[1221]. An all-inclusive geometrical symbolism, such as Hamilton and Grassmann conceived of, is impossible.—Burkhardt, H.
Jahresbericht der Deutschen Mathematiker Vereinigung, Bd. 5, p. 52.
[1222]. The language of analysis, most perfect of all, being in itself a powerful instrument of discoveries, its notations, especially when they are necessary and happily conceived, are so many germs of new calculi.—Laplace.
Oeuvres, t. 7 (Paris, 1896), p. xl.
CHAPTER XIII
MATHEMATICS AND LOGIC
[1301]. Mathematics belongs to every inquiry, moral as well as physical. Even the rules of logic, by which it is rigidly bound, could not be deduced without its aid. The laws of argument admit of simple statement, but they must be curiously transposed before they can be applied to the living speech and verified by observation. In its pure and simple form the syllogism cannot be directly compared with all experience, or it would not have required an Aristotle to discover it. It must be transmuted into all the possible shapes in which reasoning loves to clothe itself. The transmutation is the mathematical process in the establishment of the law.—Peirce, Benjamin.
Linear Associative Algebra; American Journal of Mathematics, Vol. 4 (1881), p. 97.
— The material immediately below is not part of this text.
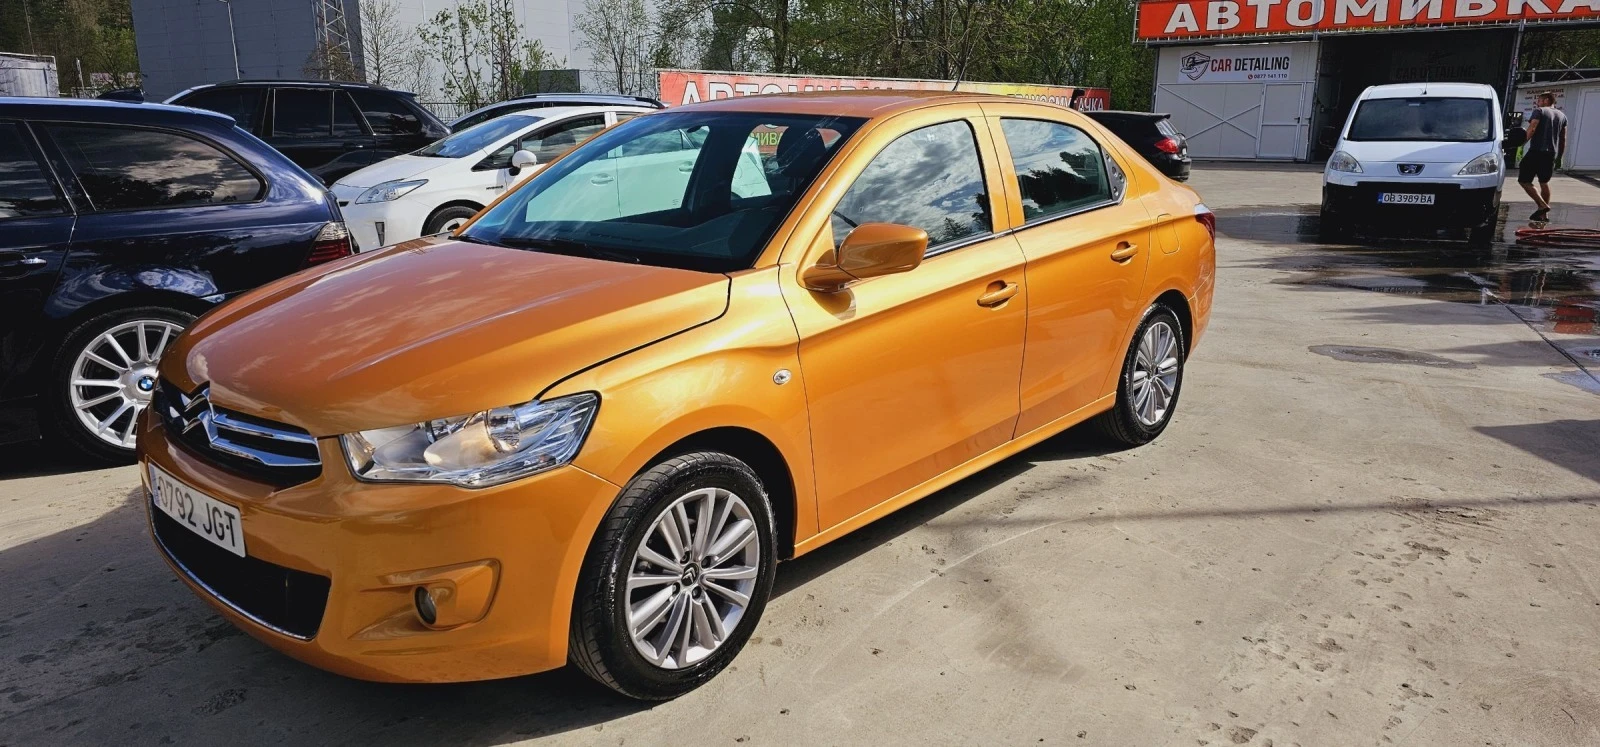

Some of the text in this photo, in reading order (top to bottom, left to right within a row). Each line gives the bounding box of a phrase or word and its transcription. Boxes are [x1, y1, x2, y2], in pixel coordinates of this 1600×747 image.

[1211, 57, 1290, 72] CAR DETAILING
[1397, 195, 1419, 203] 3989
[158, 476, 236, 547] 0792 JGT
[1302]. In mathematics we see the conscious logical activity of our mind in its purest and most perfect form; here is made manifest to us all the labor and the great care with which it progresses, the precision which is necessary to determine exactly the source of the established general theorems, and the difficulty with which we form and comprehend abstract conceptions; but we also learn here to have confidence in the certainty, breadth, and fruitfulness of such intellectual labor.—Helmholtz, H.